Published online Sep 28, 2015. doi: 10.4254/wjh.v7.i21.2315
Peer-review started: May 19, 2015
First decision: June 4, 2015
Revised: July 24, 2015
Accepted: September 7, 2015
Article in press: September 8, 2015
Published online: September 28, 2015
In the last 30 years, operative, technical and medical advances have made liver transplantation (LT) a life-saving therapy that is used worldwide today. Global industrialization has been a contributor to morbid obesity and this has brought about the metabolic syndrome along with many downstream complications of such.
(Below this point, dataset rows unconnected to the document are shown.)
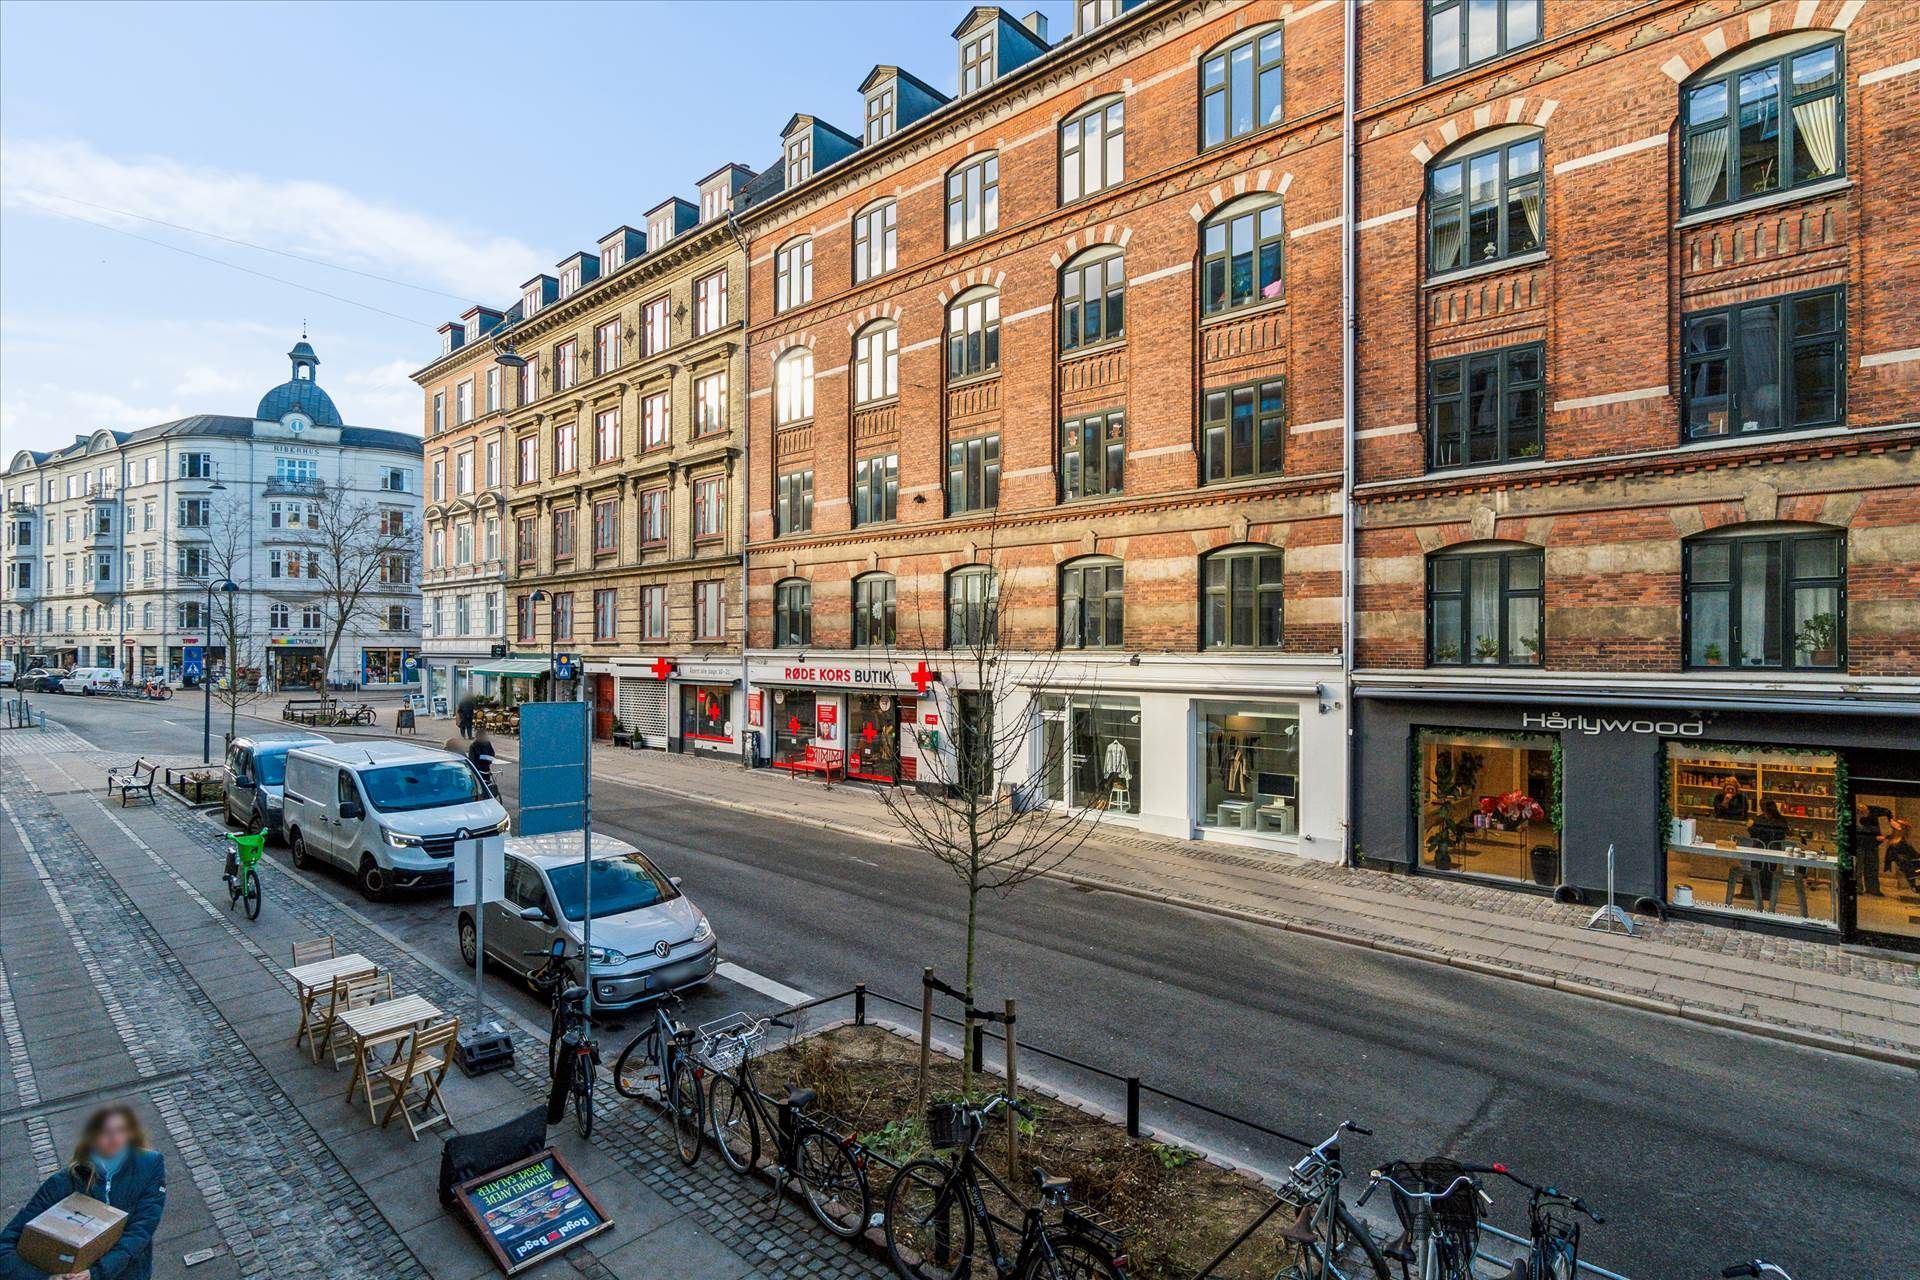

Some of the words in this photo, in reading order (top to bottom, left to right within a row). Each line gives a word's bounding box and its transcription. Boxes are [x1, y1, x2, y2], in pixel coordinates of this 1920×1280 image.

[785, 668, 815, 681] RØDE
[819, 669, 851, 682] KORS
[855, 670, 892, 684] BUTIK
[1523, 711, 1703, 736] Hårlywood
[515, 1162, 548, 1183] FRISKE
[477, 1175, 516, 1197] SALATER
[483, 1171, 554, 1206] HJEMMELAVEDE
[559, 1216, 590, 1237] Royal
[516, 1236, 550, 1257] Bagel
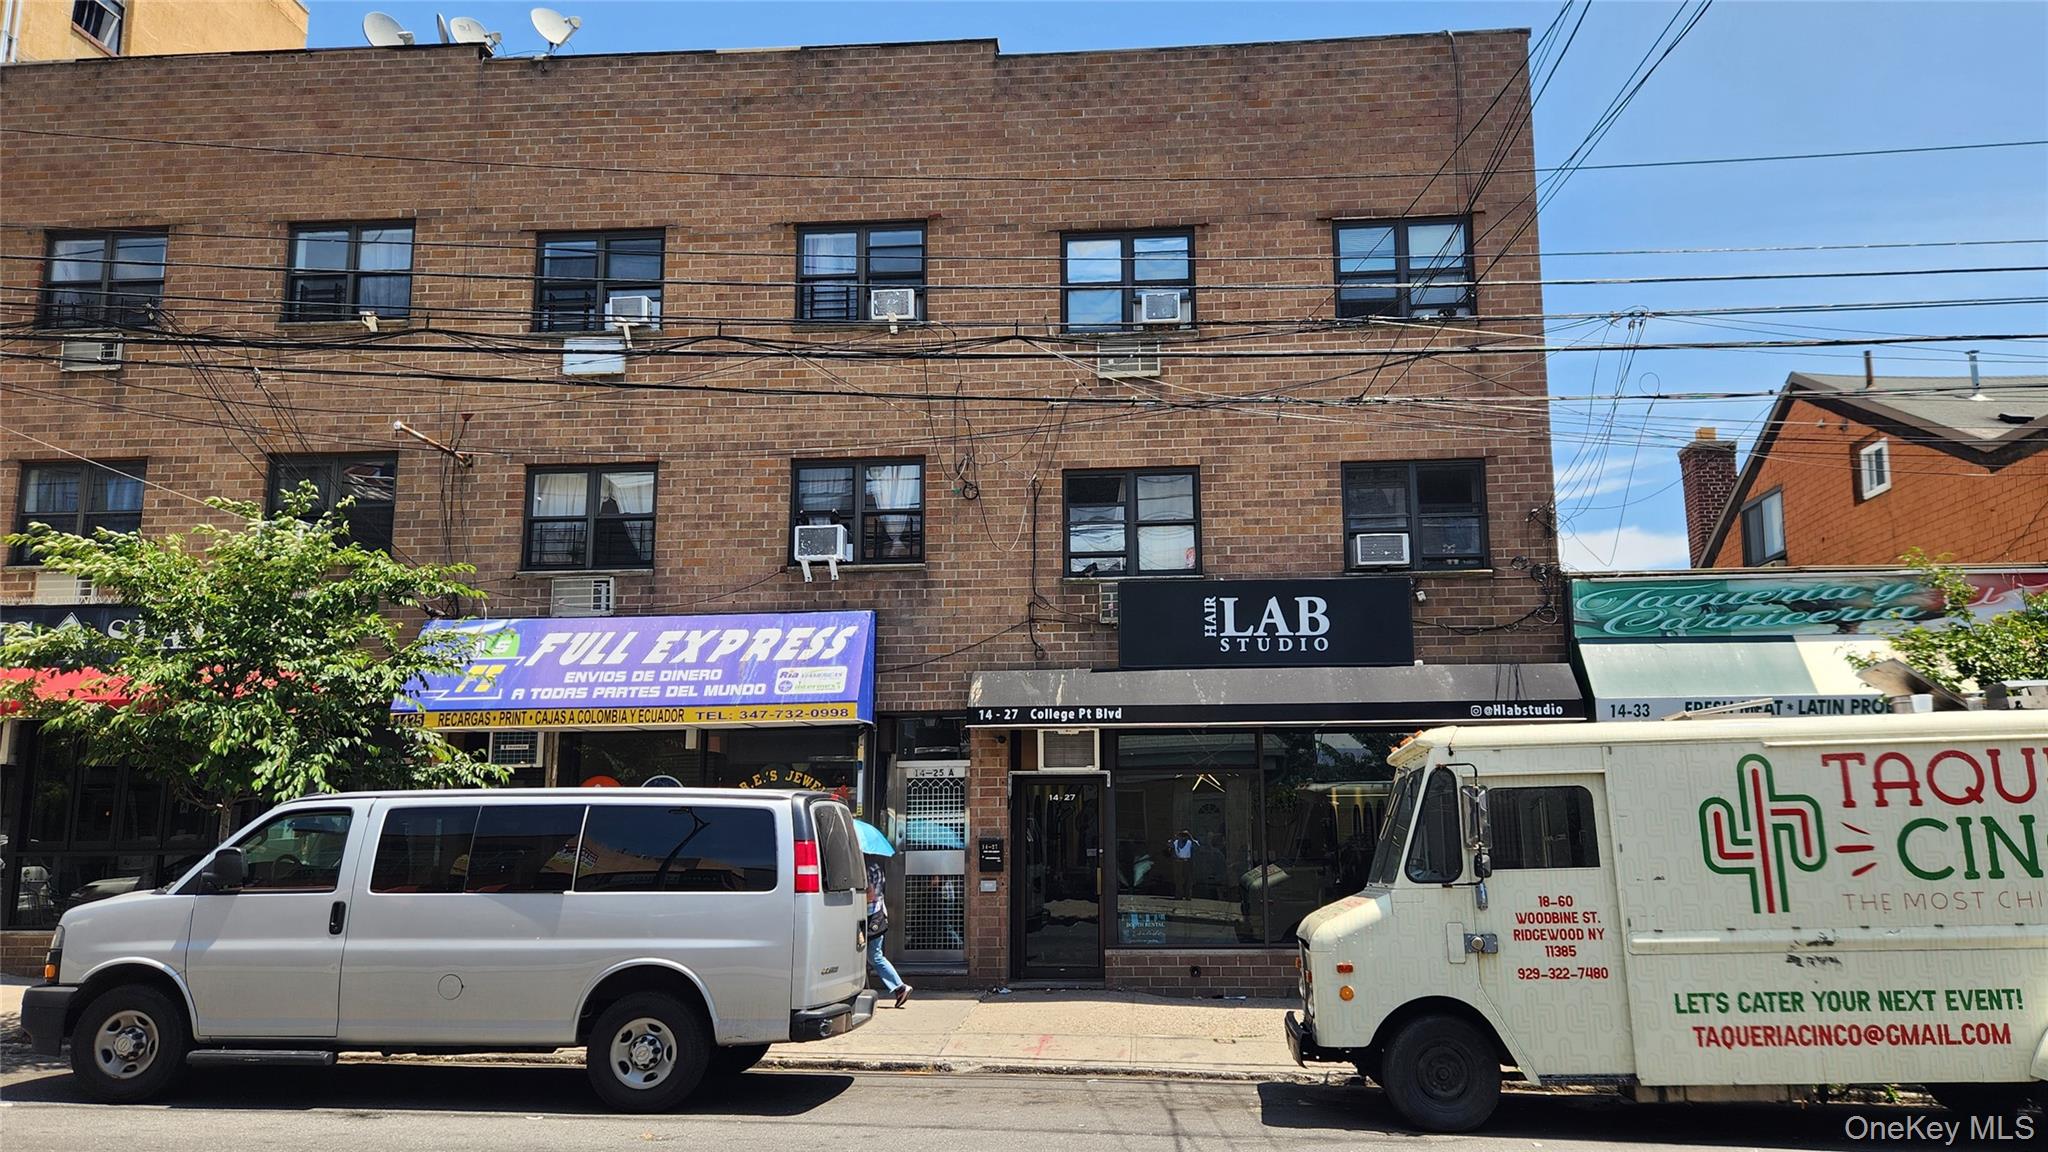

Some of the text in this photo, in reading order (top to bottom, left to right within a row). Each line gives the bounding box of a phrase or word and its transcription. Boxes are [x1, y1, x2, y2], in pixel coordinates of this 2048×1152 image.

[1203, 595, 1217, 637] HAIR
[1219, 595, 1330, 636] LAB
[524, 631, 639, 666] FULL
[641, 626, 859, 664] EXPRESS
[1220, 637, 1329, 651] STUDIO
[564, 669, 723, 684] ENVIOS DE DINERO
[511, 684, 767, 700] A TODAS PARTES DEL MUNDO
[1030, 708, 1075, 722] College
[1078, 708, 1091, 719] Pt
[1095, 707, 1122, 719] Blvd
[1483, 703, 1563, 716] @Hlabstudio
[1610, 703, 1650, 718] 14-33
[1798, 699, 1844, 715] LATIN
[437, 708, 849, 727] RECARGAS PRINT CAJAS A COLOMBIA Y ECUADOR TEL: 347-732-0998
[914, 767, 955, 777] 14-25 A
[1821, 747, 2048, 808] TAQU
[1897, 814, 2048, 880] CIN
[1538, 895, 1573, 907] 18-60
[1841, 893, 1893, 912] THE
[1904, 891, 1985, 910] MOST
[1515, 911, 1601, 924] WOODBINE ST.
[1513, 928, 1605, 941] RIDGEWOOD NY
[1545, 945, 1577, 957] 11385
[1517, 967, 1608, 979] 929-322-7480
[1674, 988, 2024, 1014] LET'S CATER YOUR NEXT EVENT!
[1692, 1022, 2012, 1050] TAQUERIACINCO@GMAIL.COM
Non-alcoholic steatohepatitis (NASH) has become a recognized hepatic manifestation of the metabolic syndrome and NASH cirrhosis is predicted to be the primary indication for LT in the United States by 2025. Several case series and database reviews have begun analyzing the efficacy of weight reduction surgery in the LT recipient. These data have reasonably demonstrated that weight reduction surgery in the LT recipient is a feasible endeavor. However, several questions have been raised regarding the type of weight reduction surgery, timing of surgery in relation to LT, patient and allograft survival and post-LT maintenance of weight loss to name a few. We look forward to a time when weight reduction surgery will work to improve the technical conduct of LT, improve perioperative benchmarks such as blood transfusions, intensive care unit length of stay and help to prevent recurrence of NASH cirrhosis in the medically complicated obese patient. In the meantime, well-designed prospective clinical trials that focus on the issues highlighted will help guide us in the care of these complicated patients who will soon account for the majority of the patients in our clinics.
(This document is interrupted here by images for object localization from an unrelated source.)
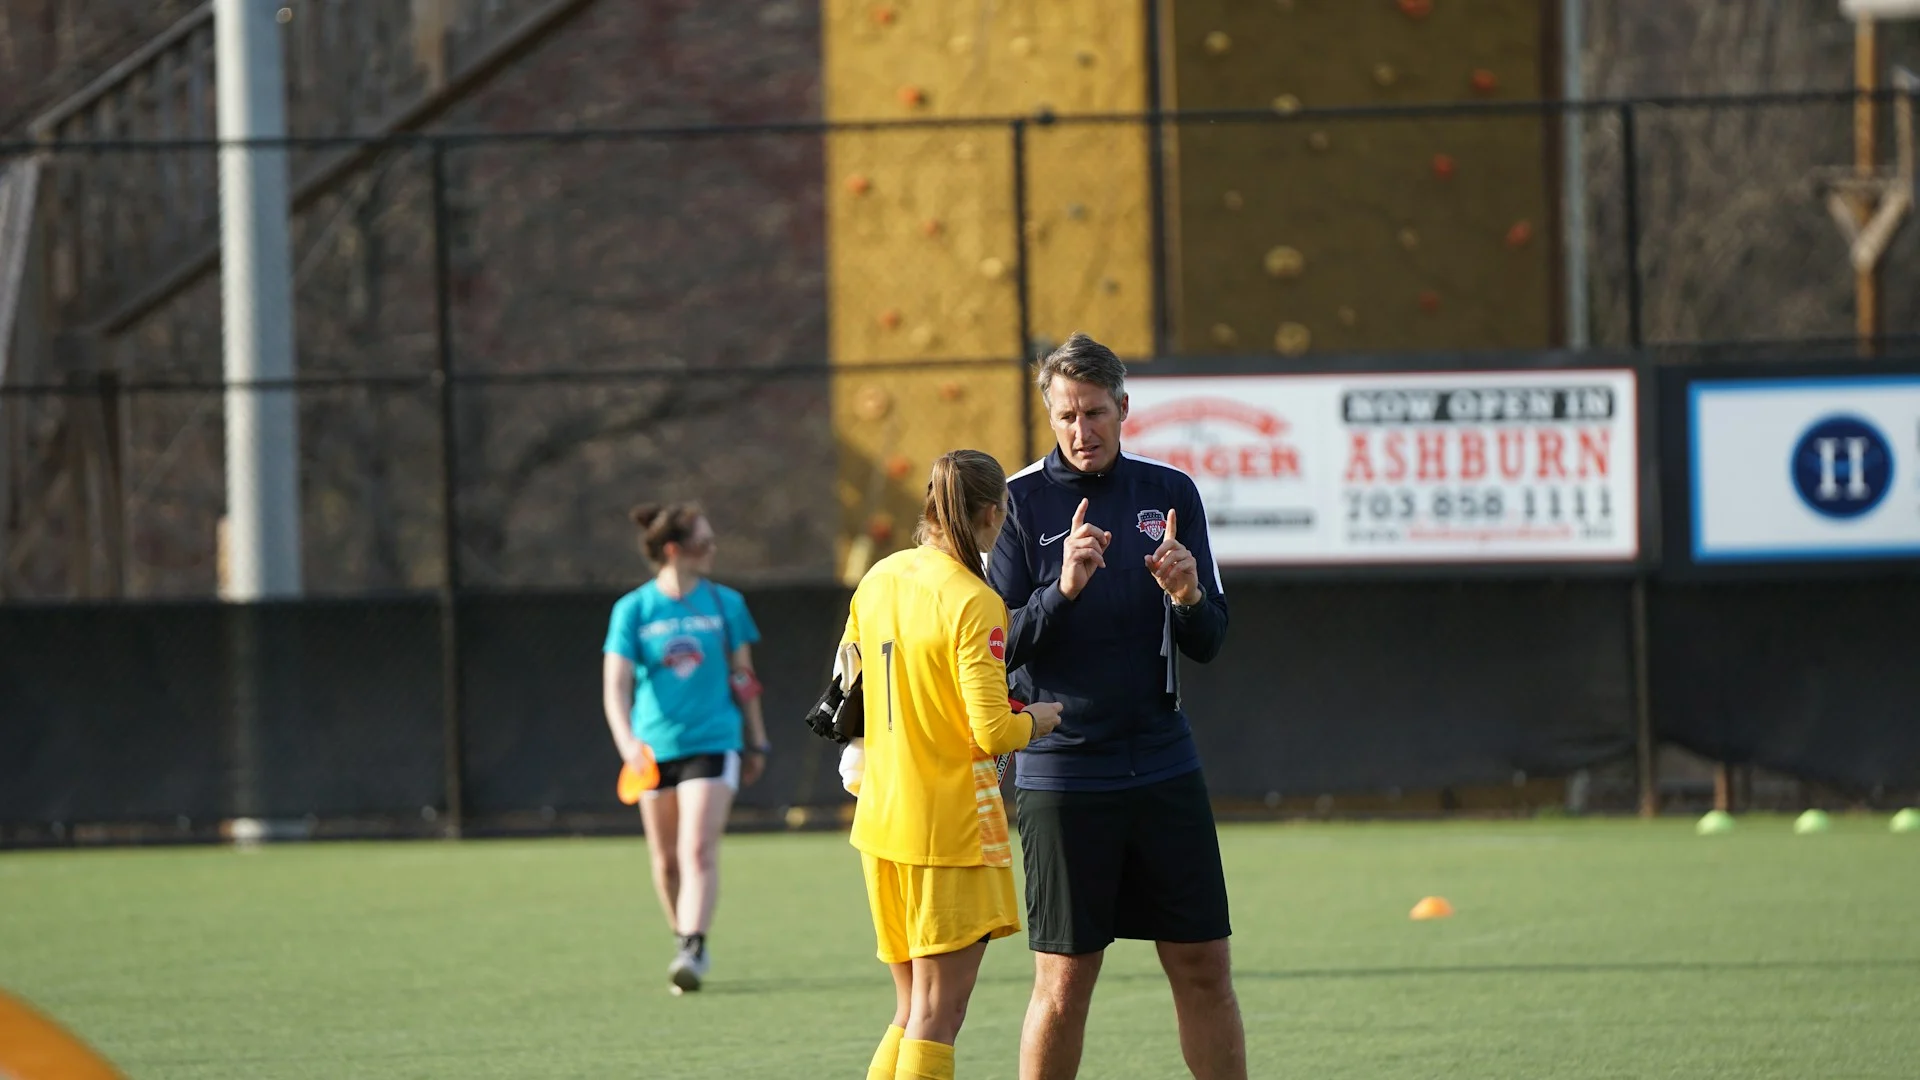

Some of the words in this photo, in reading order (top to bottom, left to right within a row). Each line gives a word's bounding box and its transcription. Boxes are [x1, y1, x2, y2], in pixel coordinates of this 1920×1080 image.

[1349, 391, 1436, 421] NOW
[1449, 390, 1554, 420] OPEN
[1565, 389, 1611, 418] IN
[1345, 427, 1610, 481] ASHBURN
[882, 640, 895, 732] 1
Core tip: Non-alcoholic steatohepatitis (NASH) has become a recognized hepatic manifestation of the metabolic syndrome and NASH cirrhosis is predicted to be the primary indication for liver transplant (LT) in the United States by 2025. Previous reviews have shown that weight reduction surgery is a feasible endeavor in the liver failure patient. However, our review of the available literature highlights the need for a prospective clinical trial that will focus on the efficacy of sleeve gastrectomy in relation to LT perioperative outcomes, patient and allograft survival and prevention of NASH recurrence in the post-transplant setting.